• [Your task]:
Reproduce the entries word for word, and omit any picture you find in them.
Input material Block Start
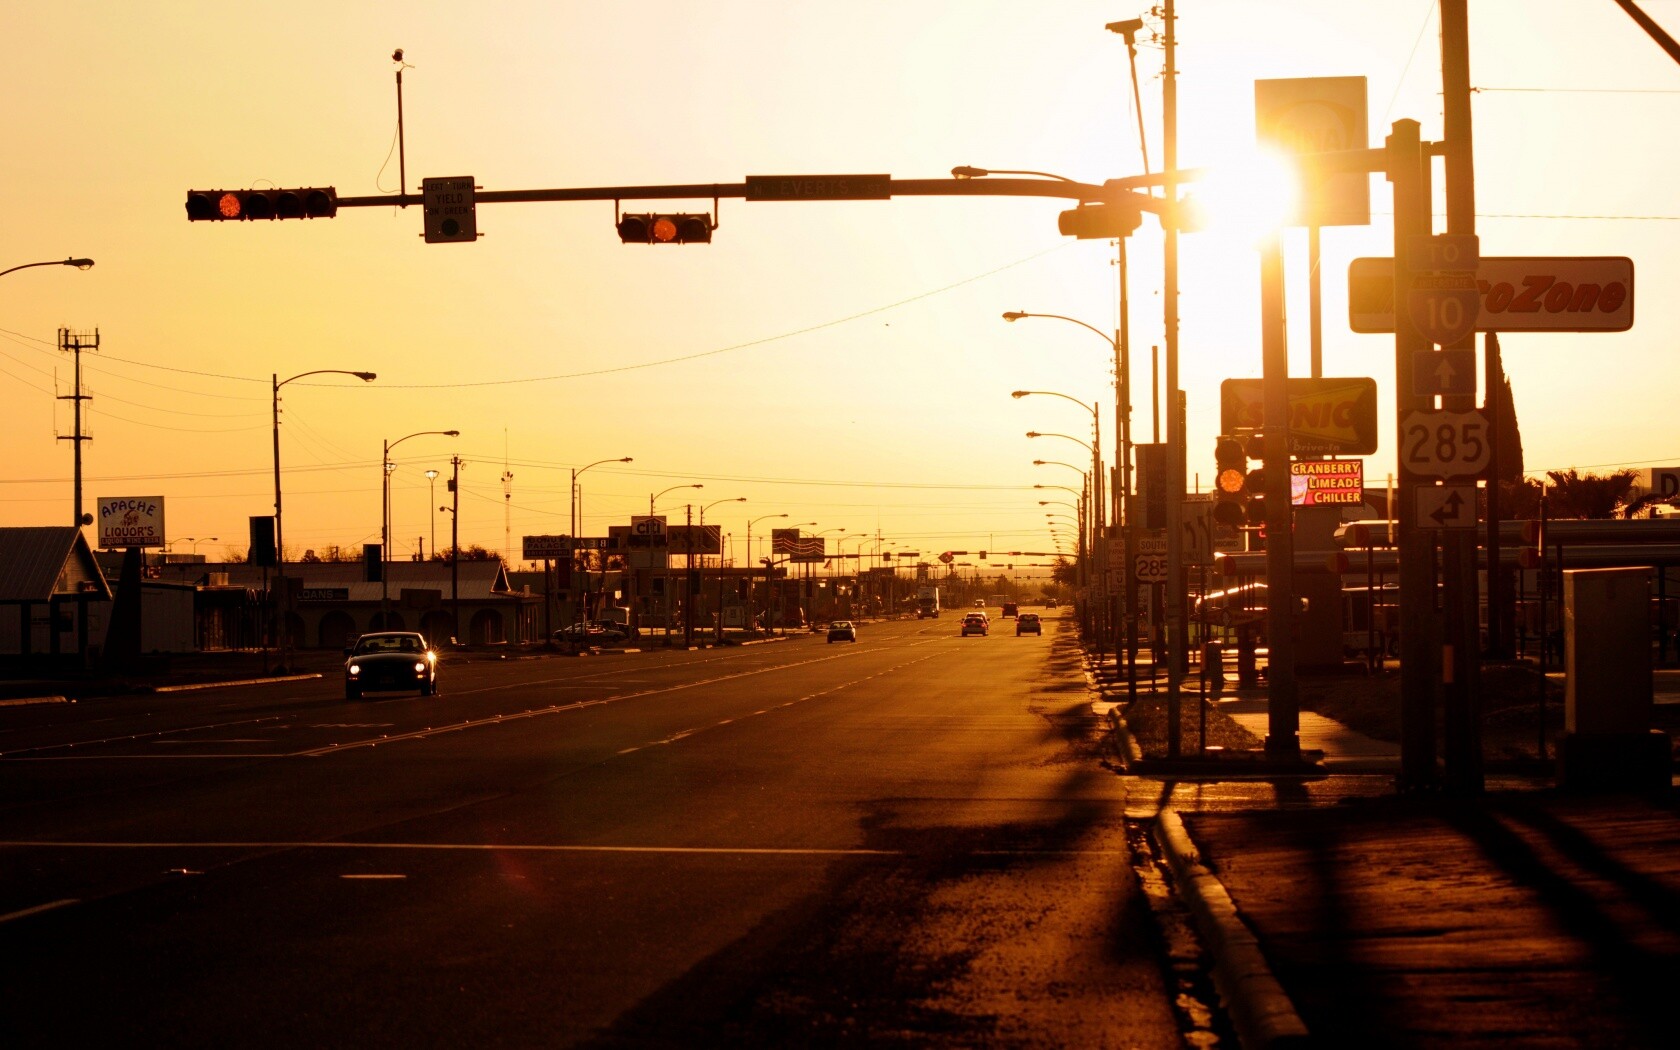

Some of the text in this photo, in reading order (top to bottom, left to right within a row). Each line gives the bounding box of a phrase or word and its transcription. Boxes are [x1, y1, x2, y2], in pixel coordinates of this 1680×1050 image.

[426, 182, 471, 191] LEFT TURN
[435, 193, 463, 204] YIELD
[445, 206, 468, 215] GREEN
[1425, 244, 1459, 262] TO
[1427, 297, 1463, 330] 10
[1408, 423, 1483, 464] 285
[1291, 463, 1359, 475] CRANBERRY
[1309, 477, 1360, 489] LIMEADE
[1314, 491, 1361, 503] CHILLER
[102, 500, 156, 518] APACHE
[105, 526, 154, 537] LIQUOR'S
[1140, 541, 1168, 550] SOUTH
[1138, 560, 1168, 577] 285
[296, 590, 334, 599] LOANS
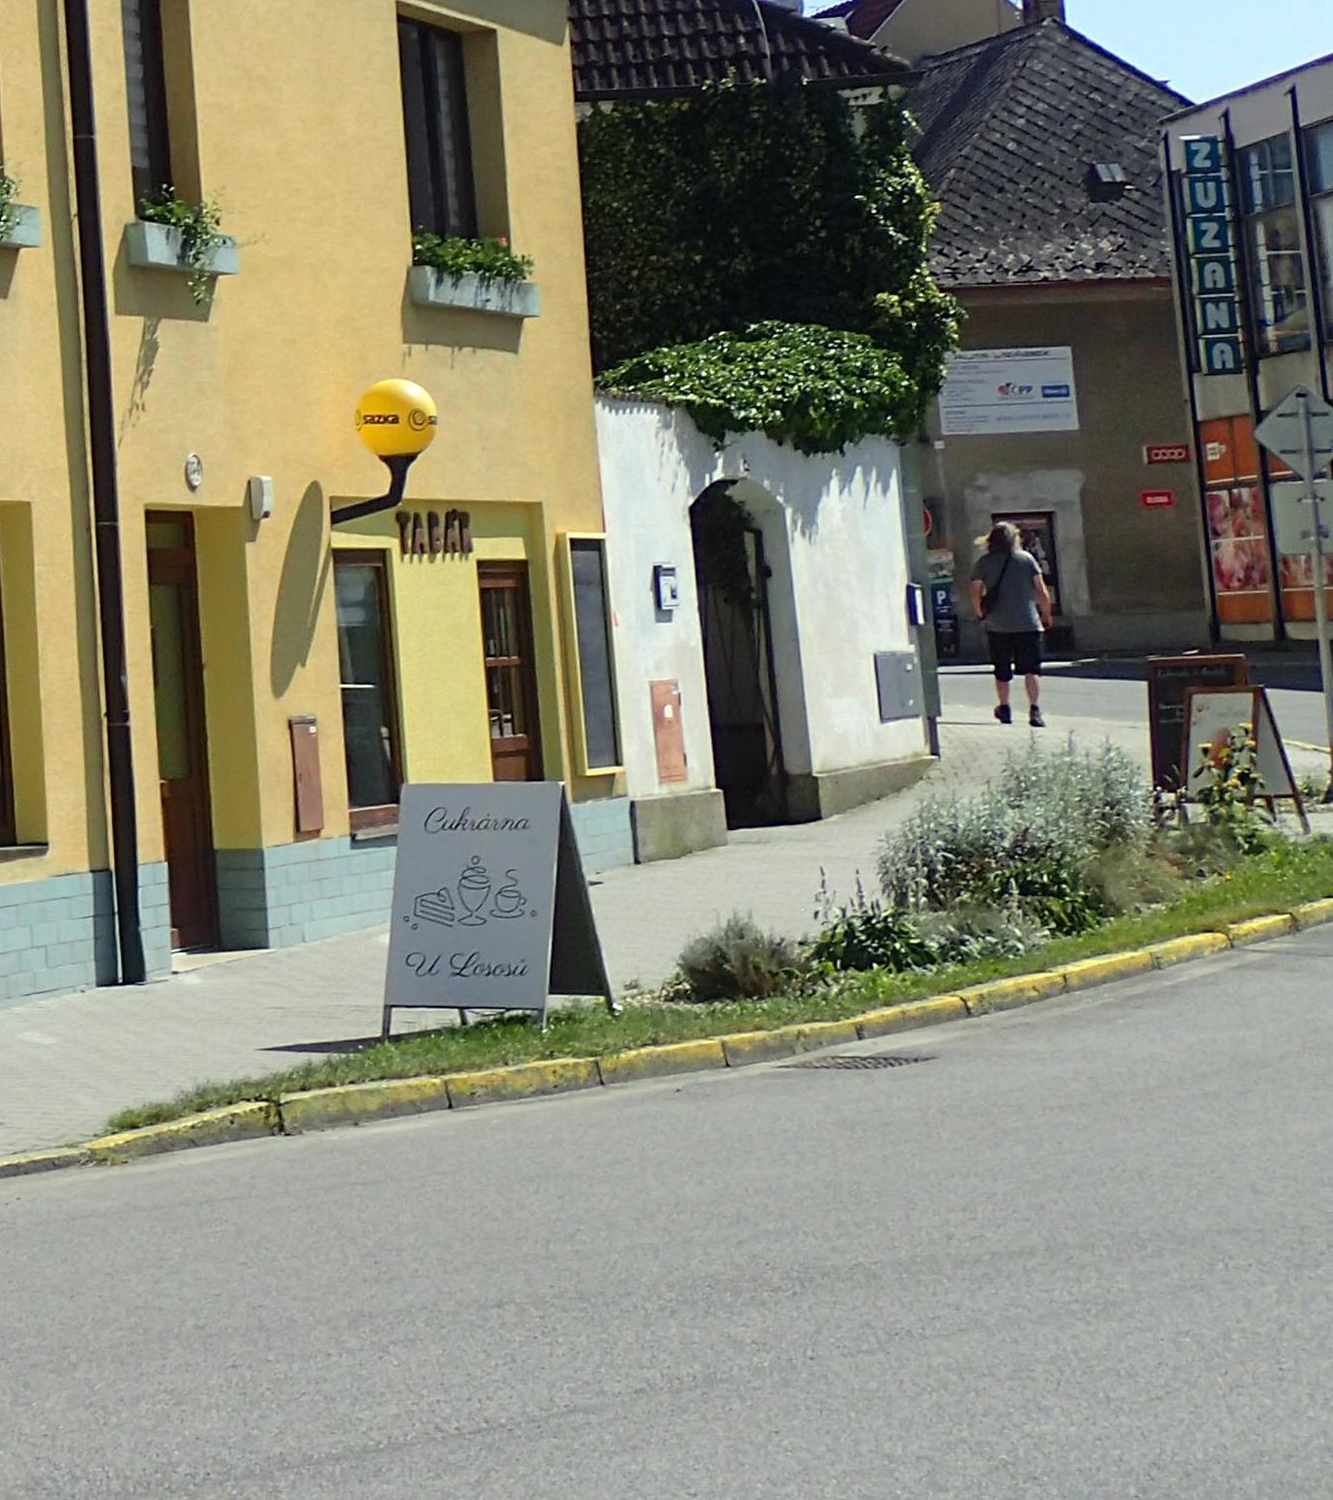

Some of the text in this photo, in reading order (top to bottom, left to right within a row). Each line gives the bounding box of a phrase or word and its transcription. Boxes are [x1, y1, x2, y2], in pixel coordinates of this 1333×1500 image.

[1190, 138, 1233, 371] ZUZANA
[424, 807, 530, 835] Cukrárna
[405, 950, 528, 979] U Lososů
Input material Block End
• [Solution for this exercise]:
Some of the text in this photo, in reading order (top to bottom, left to right within a row). Each line gives the bounding box of a phrase or word and its transcription. Boxes are [x1, y1, x2, y2], in pixel coordinates of this 1680×1050 image.

[426, 182, 471, 191] LEFT TURN
[435, 193, 463, 204] YIELD
[445, 206, 468, 215] GREEN
[1425, 244, 1459, 262] TO
[1427, 297, 1463, 330] 10
[1408, 423, 1483, 464] 285
[1291, 463, 1359, 475] CRANBERRY
[1309, 477, 1360, 489] LIMEADE
[1314, 491, 1361, 503] CHILLER
[102, 500, 156, 518] APACHE
[105, 526, 154, 537] LIQUOR'S
[1140, 541, 1168, 550] SOUTH
[1138, 560, 1168, 577] 285
[296, 590, 334, 599] LOANS

Some of the text in this photo, in reading order (top to bottom, left to right within a row). Each line gives the bounding box of a phrase or word and its transcription. Boxes are [x1, y1, x2, y2], in pixel coordinates of this 1333×1500 image.

[1190, 138, 1233, 371] ZUZANA
[424, 807, 530, 835] Cukrárna
[405, 950, 528, 979] U Lososů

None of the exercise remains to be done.